It’s resolution time again—and perhaps unsurprisingly, four of the top five New Year’s ambitions for 2024 involve some aspect of health: eating better, getting fit, losing weight, improving mental health, according to a recent Forbes Health/One Poll. If better health is your goal this year, we have you covered.
Contributed by Sonal Patil, MD, MSPH | Family Medicine Physician
Your best bet for making and keeping health resolutions is to understand that being healthy isn’t just about avoiding illness, it’s about your overall physical, emotional, and social wellbeing, says Sonal Patil, MD, MetroHealth Family Medicine Physician.
To be successful at achieving your health goals, break them down into manageable steps. Focus on these first, says Dr. Patel:
Get a check-up:
Kickstart the New Year by seeing your primary care provider for a well check. They can make sure you get any necessary health screenings and update vaccinations to prevent disease.

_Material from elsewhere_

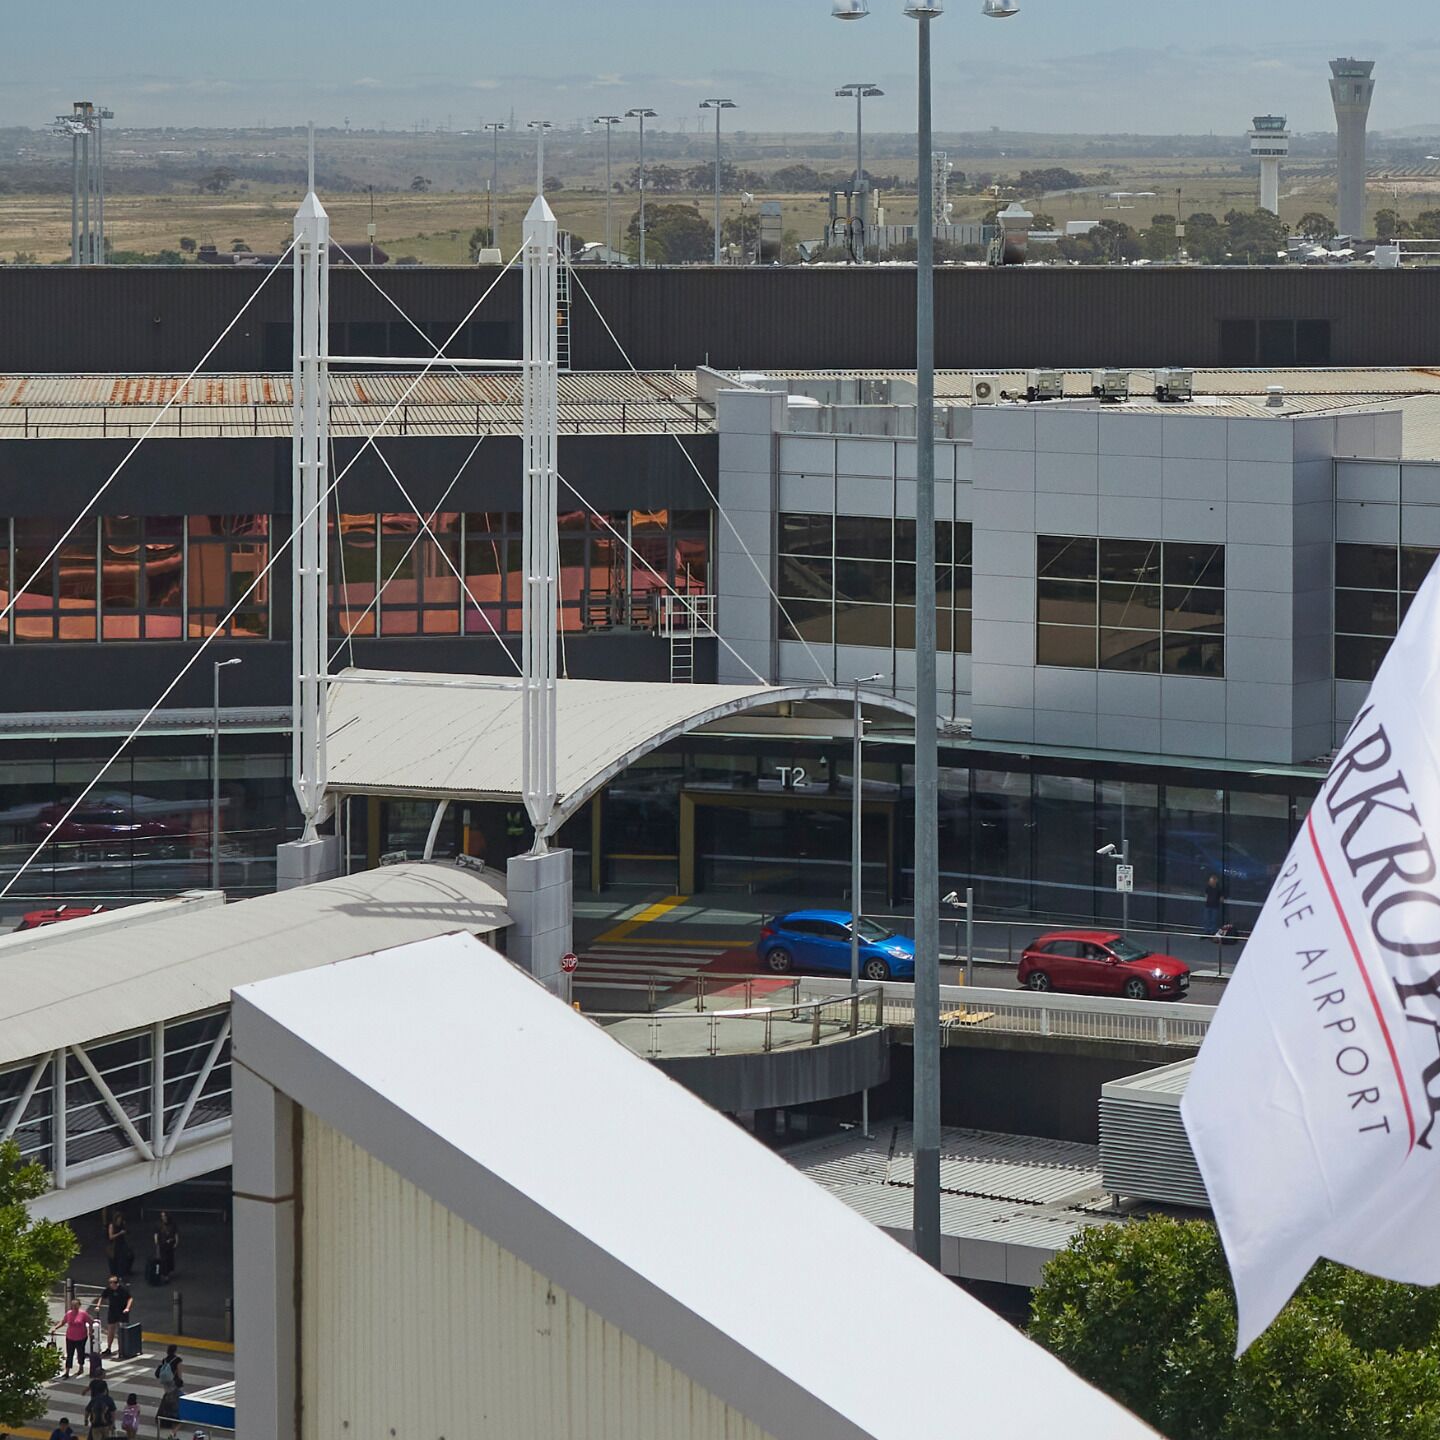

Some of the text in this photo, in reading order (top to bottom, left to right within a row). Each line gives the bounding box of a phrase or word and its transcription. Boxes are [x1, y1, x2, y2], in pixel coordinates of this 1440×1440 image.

[775, 766, 806, 787] T2
[562, 957, 576, 968] STOP
[1276, 853, 1391, 1135] RNE AIRPORT

Your primary care provider makes sure problems, such as high blood pressure, don’t get worse and turn into a chronic condition, such as diabetes or heart disease. They can also refer you to behavioral and mental health professionals to address your emotional needs.
Get better sleep:
A good day, and good physical and mental health, start with getting restful sleep. Adults need at least 7 hours snooze time, but many of us fall short.
To get quality sleep, go to bed at the same time each night and wake up at the same time each day.
“Wind down from all mentally stimulating activities at least one hour before bedtime, especially screens,” says Dr. Patil. The blue light from electronic devices can disrupt your slumber.
Get out there:
Boosting social connections is good for all aspects of health—and it’s been shown that social isolation and loneliness have adverse health effects. “The need for belonging is very powerful,” Dr. Patil says.
Make part of your healthy-new-year resolution to connect with old and new friends. Consider taking a class or joining a group that engages in an activity you like or want to try. If you have a health issue or are caring for someone else who does, joining an in person or online support group can help you feel understood and less alone.
Get on top of stress:
A little stress helps performance, such as on tests or at work. But chronic stress is harmful to long-term health. To manage either, Dr. Patil says apps for meditation, guided imagery, and progressive muscle relaxation can be helpful.
For a low-tech solution, practice intentional breathing. Whenever you feel stressed, take a series of deep breaths—in through the nose, out through the mouth.
“Breathing exercises can help thwart the harmful effects of stress on the body,” Dr. Patil says, “breaking the cycle of what stress does to the body.”
Get a fitness plan:
Two quick steps: find an exercise option that works for you; then decide when and how often you can fit that activity into your schedule. The key is finding something you can do and that you enjoy—so you stick with it, says Dr. Patil.
Even if you aren’t doing a formal workout or class, make a habit of moving your body every day, even just walking around your home.
To keep yourself accountable, use a fitness app to track your physical activity and remind you that it’s time to get up and move (or enlist a fitness buddy in real life!).
Get on track with diet:
Many people only change their eating habits to lose weight but it’s smarter to focus on eating well for lifelong health.
Planning is key: Create a meal plan for your week—a nutritionist can help you design a healthy one. Then prep and store as much of your meals ahead of time as you can.
“With a lot of emotion-triggered eating, or when people are very hungry, they grab the first thing that they can eat. Typically, that is something that is processed or unhealthy,” Dr. Patil says. “Making sure you have a healthy food option available after a long day can reduce impulsive eating.”